Collected data
-.-.-

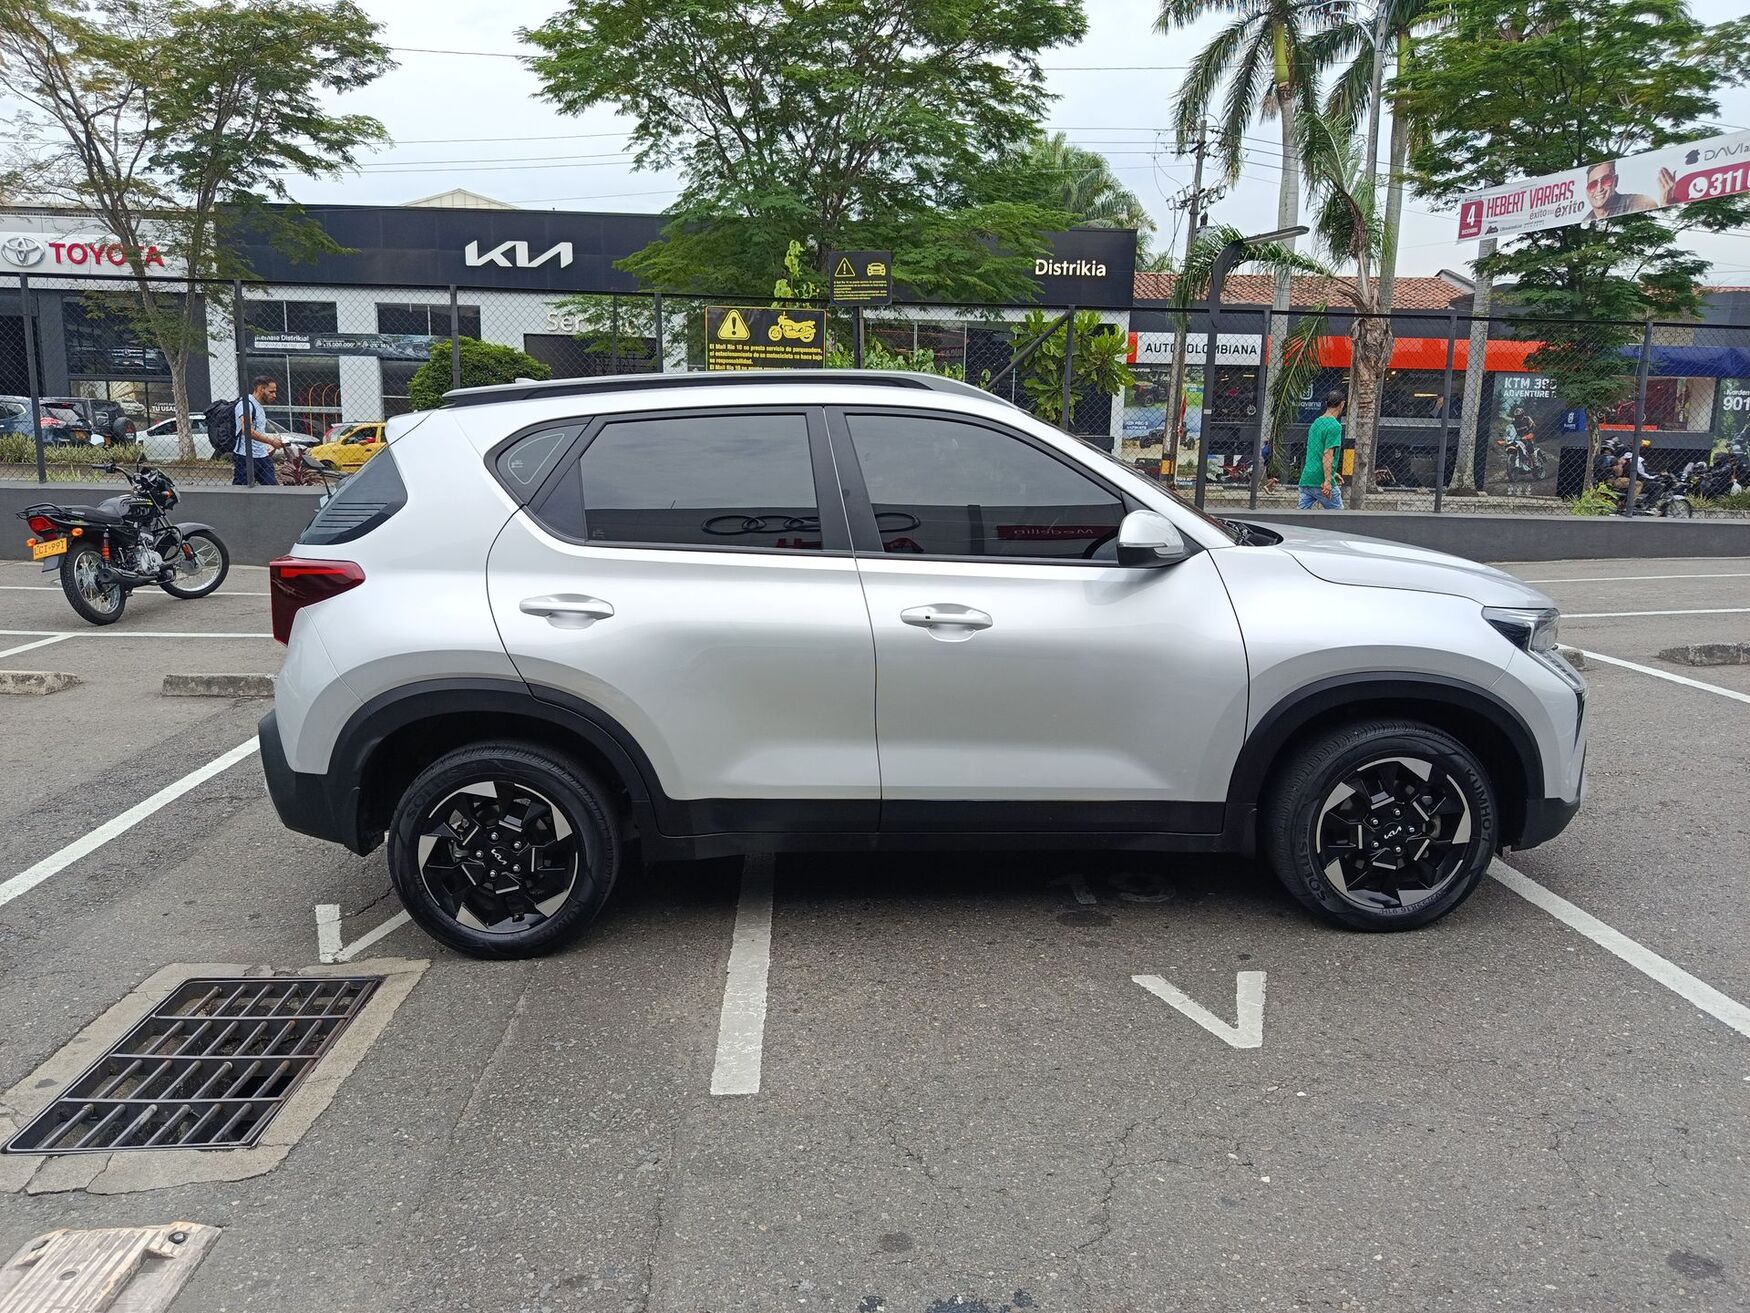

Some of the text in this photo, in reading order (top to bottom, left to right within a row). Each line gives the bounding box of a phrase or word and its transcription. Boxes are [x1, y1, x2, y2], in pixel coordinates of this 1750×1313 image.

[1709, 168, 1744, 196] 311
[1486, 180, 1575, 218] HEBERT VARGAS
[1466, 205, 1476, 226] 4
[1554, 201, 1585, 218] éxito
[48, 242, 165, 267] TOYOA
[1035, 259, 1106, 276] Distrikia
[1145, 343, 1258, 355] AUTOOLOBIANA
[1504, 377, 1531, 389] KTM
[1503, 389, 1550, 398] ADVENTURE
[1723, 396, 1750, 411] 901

-.-.-

_ACTION ITEM_:
Omitting the pictures, copy each record above exactly as it stands.

_SOLUTION TO THE EXERCISE_:
Some of the text in this photo, in reading order (top to bottom, left to right within a row). Each line gives the bounding box of a phrase or word and its transcription. Boxes are [x1, y1, x2, y2], in pixel coordinates of this 1750×1313 image.

[1709, 168, 1744, 196] 311
[1486, 180, 1575, 218] HEBERT VARGAS
[1466, 205, 1476, 226] 4
[1554, 201, 1585, 218] éxito
[48, 242, 165, 267] TOYOA
[1035, 259, 1106, 276] Distrikia
[1145, 343, 1258, 355] AUTOOLOBIANA
[1504, 377, 1531, 389] KTM
[1503, 389, 1550, 398] ADVENTURE
[1723, 396, 1750, 411] 901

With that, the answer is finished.